**Image-backed grounding data**
******
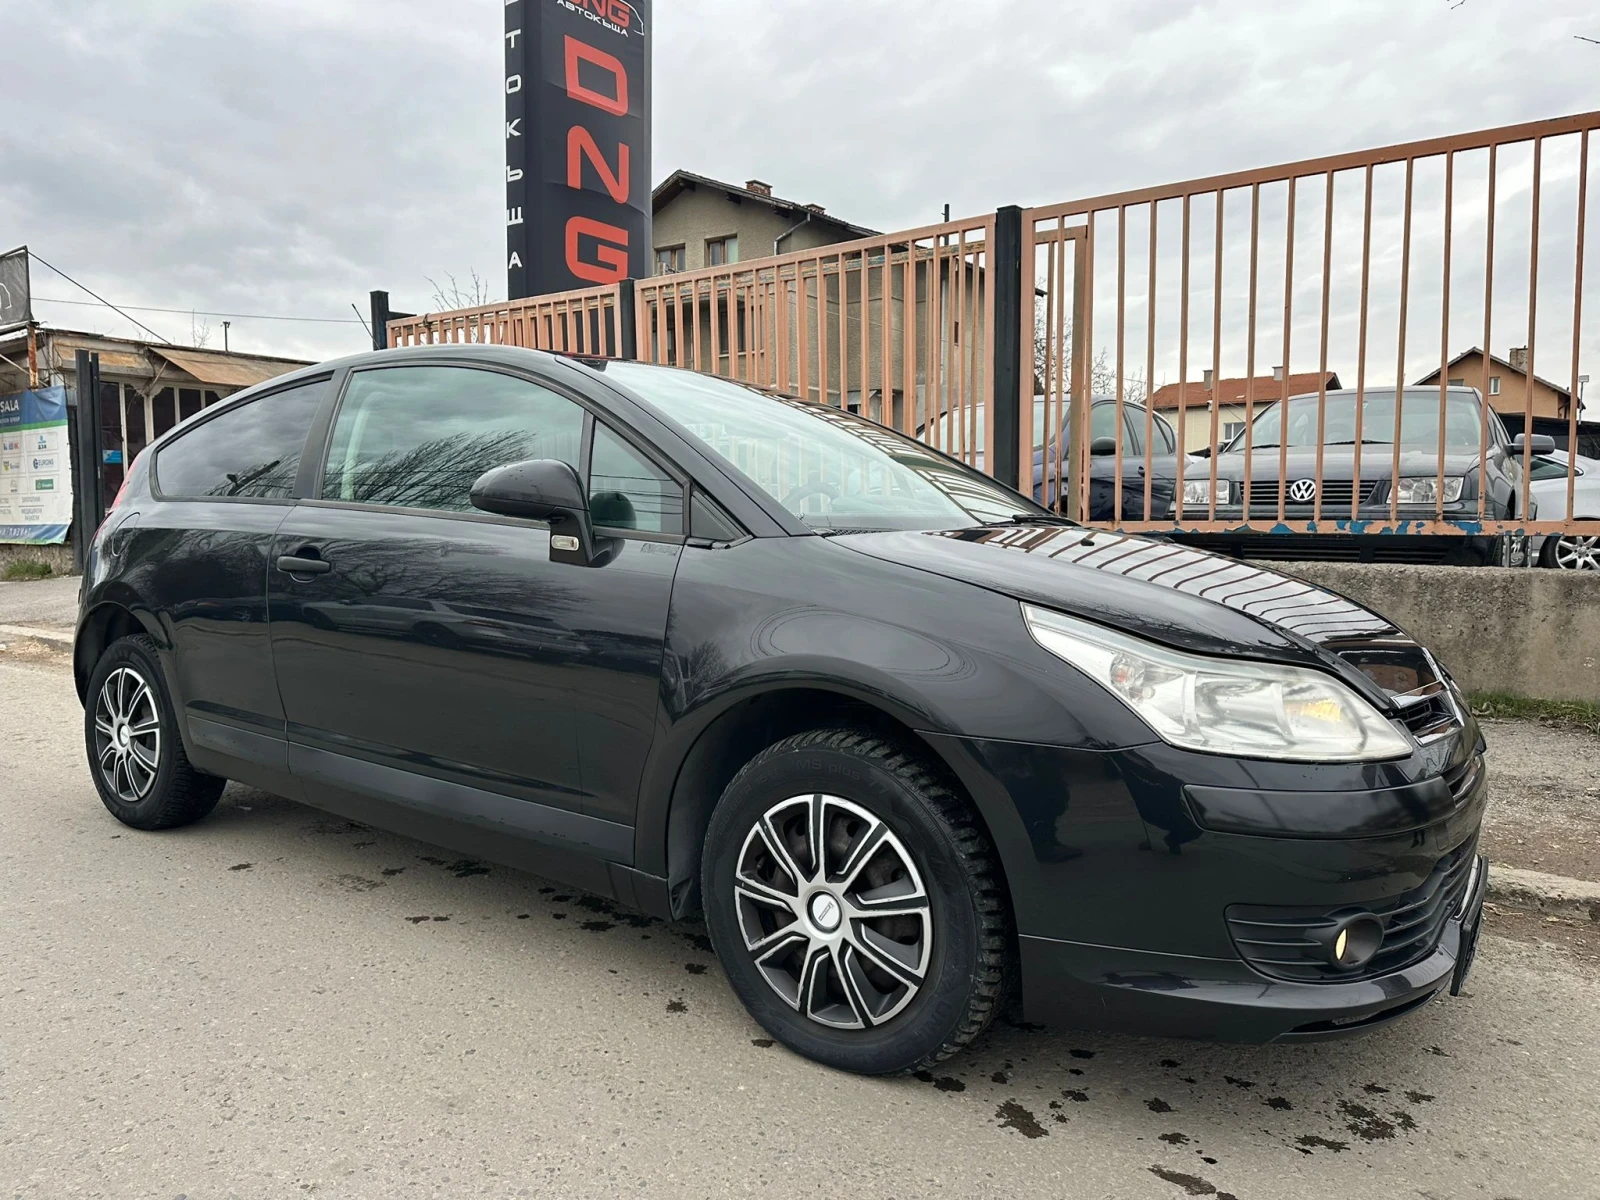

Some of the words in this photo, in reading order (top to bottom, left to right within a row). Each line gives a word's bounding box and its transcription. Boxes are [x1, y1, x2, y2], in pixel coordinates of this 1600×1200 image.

[506, 0, 523, 268] ТОКЪЩА
[0, 399, 20, 413] SALA
[828, 763, 861, 782] plus
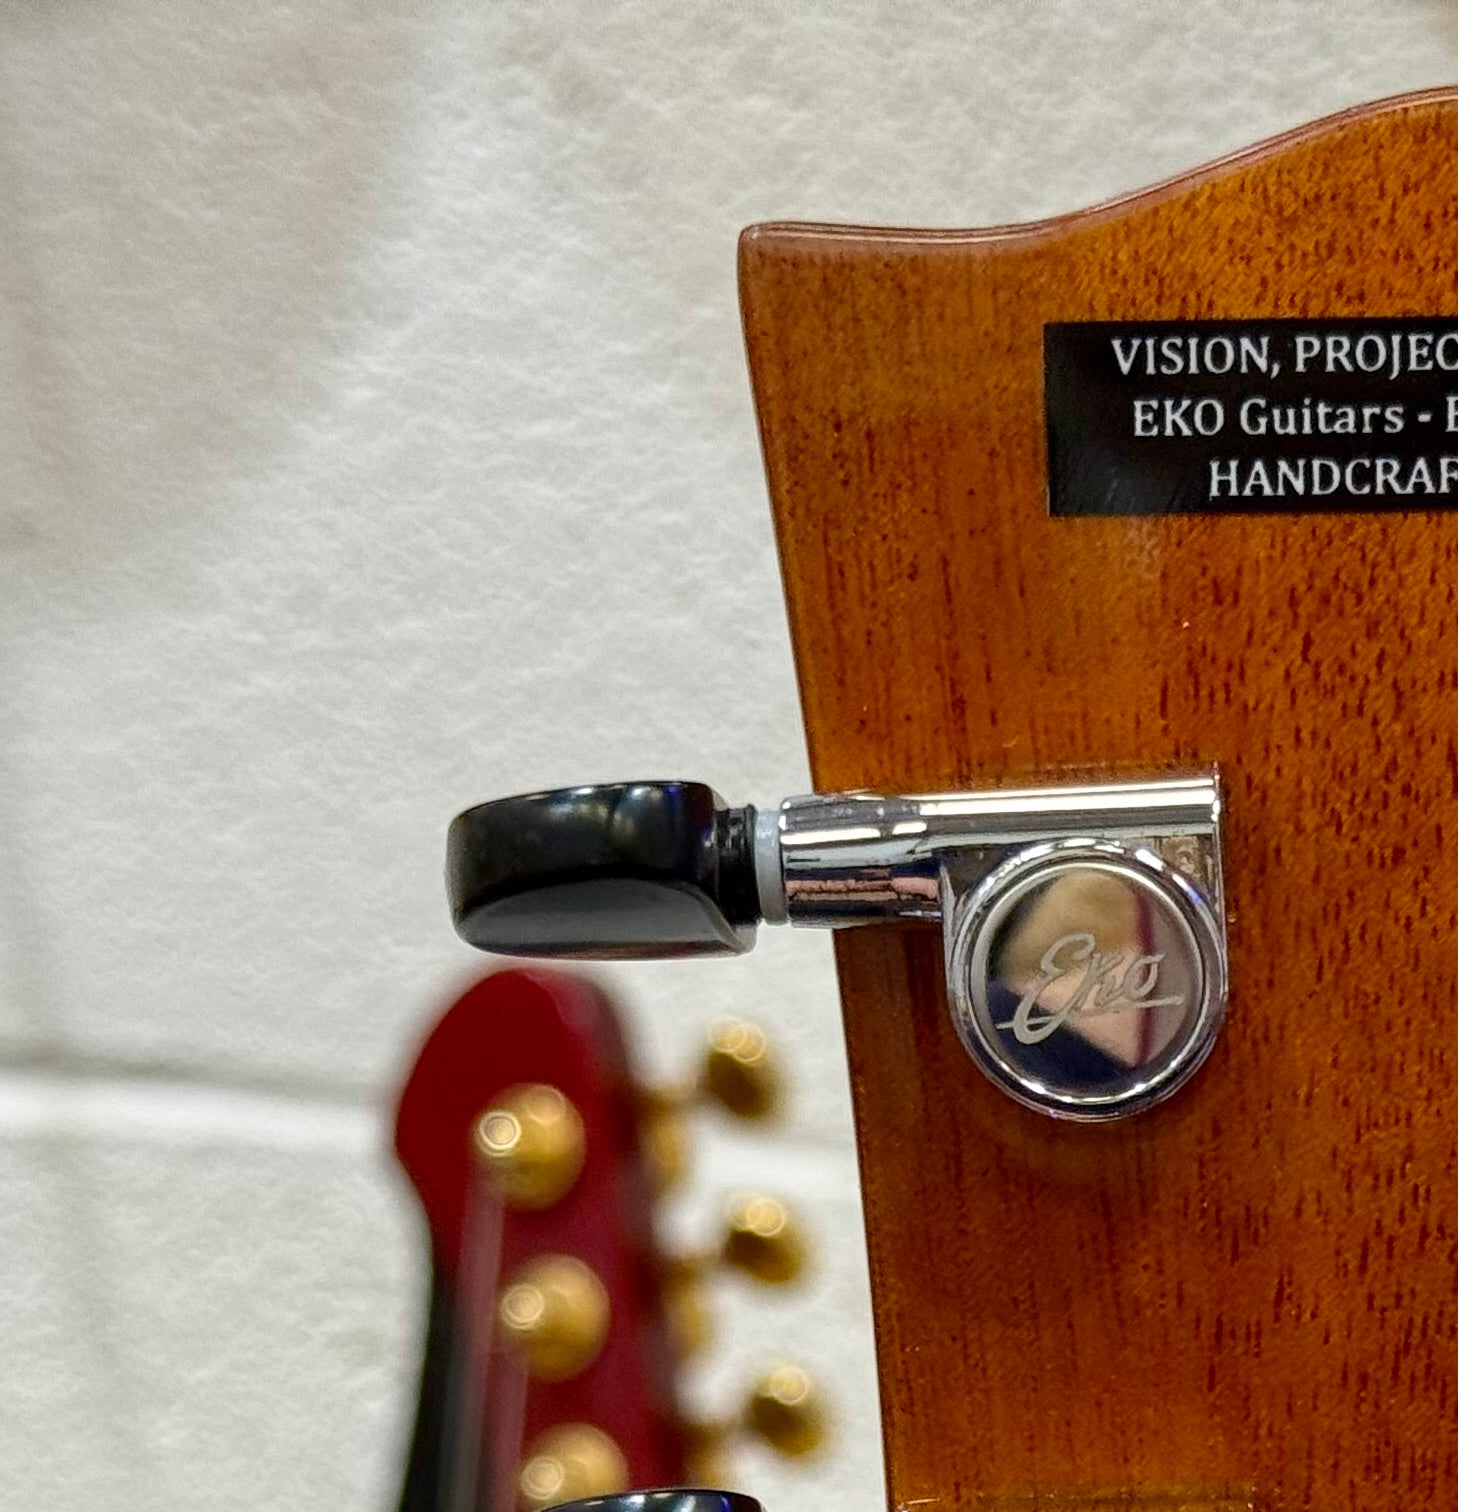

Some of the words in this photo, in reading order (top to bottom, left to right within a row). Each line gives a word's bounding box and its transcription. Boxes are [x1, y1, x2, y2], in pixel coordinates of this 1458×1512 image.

[1111, 335, 1280, 380] VISION,
[1133, 398, 1226, 437] EKO
[1239, 397, 1405, 435] Guitars
[1008, 930, 1170, 1045] Eko
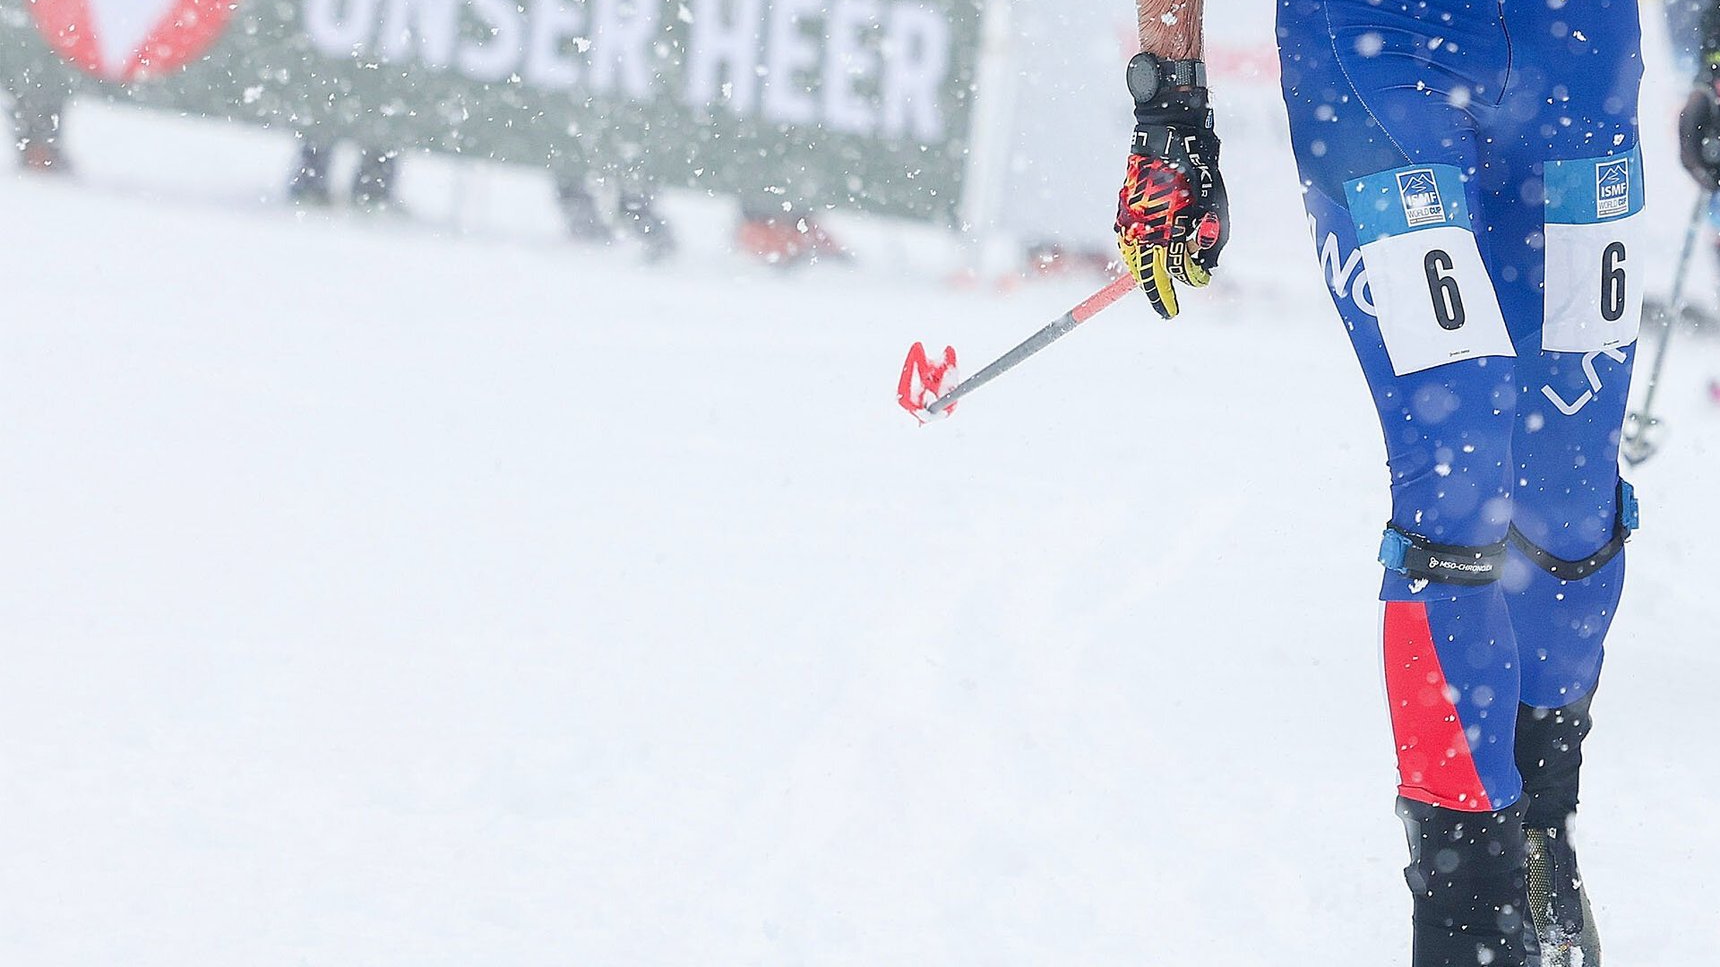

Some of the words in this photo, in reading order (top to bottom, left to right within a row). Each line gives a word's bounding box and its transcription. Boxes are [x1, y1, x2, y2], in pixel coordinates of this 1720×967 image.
******
Every entry is to be reproduced word for word, and no image is carried over.

**Worked solution**
Some of the words in this photo, in reading order (top to bottom, left to right within a row). Each line gives a word's bounding box and its transcription. Boxes are [x1, y1, x2, y2], in pixel coordinates of this 1600×1200 image.

[506, 0, 523, 268] ТОКЪЩА
[0, 399, 20, 413] SALA
[828, 763, 861, 782] plus

Some of the words in this photo, in reading order (top to bottom, left to right within a row). Each line gives a word's bounding box and its transcription. Boxes are [x1, y1, x2, y2], in pixel coordinates of this 1458×1512 image.

[1111, 335, 1280, 380] VISION,
[1133, 398, 1226, 437] EKO
[1239, 397, 1405, 435] Guitars
[1008, 930, 1170, 1045] Eko

Some of the words in this photo, in reading order (top to bottom, left to right within a row). Each line gives a word's bounding box and its transcription. Boxes are [x1, y1, x2, y2], in pixel coordinates of this 1720×967 image.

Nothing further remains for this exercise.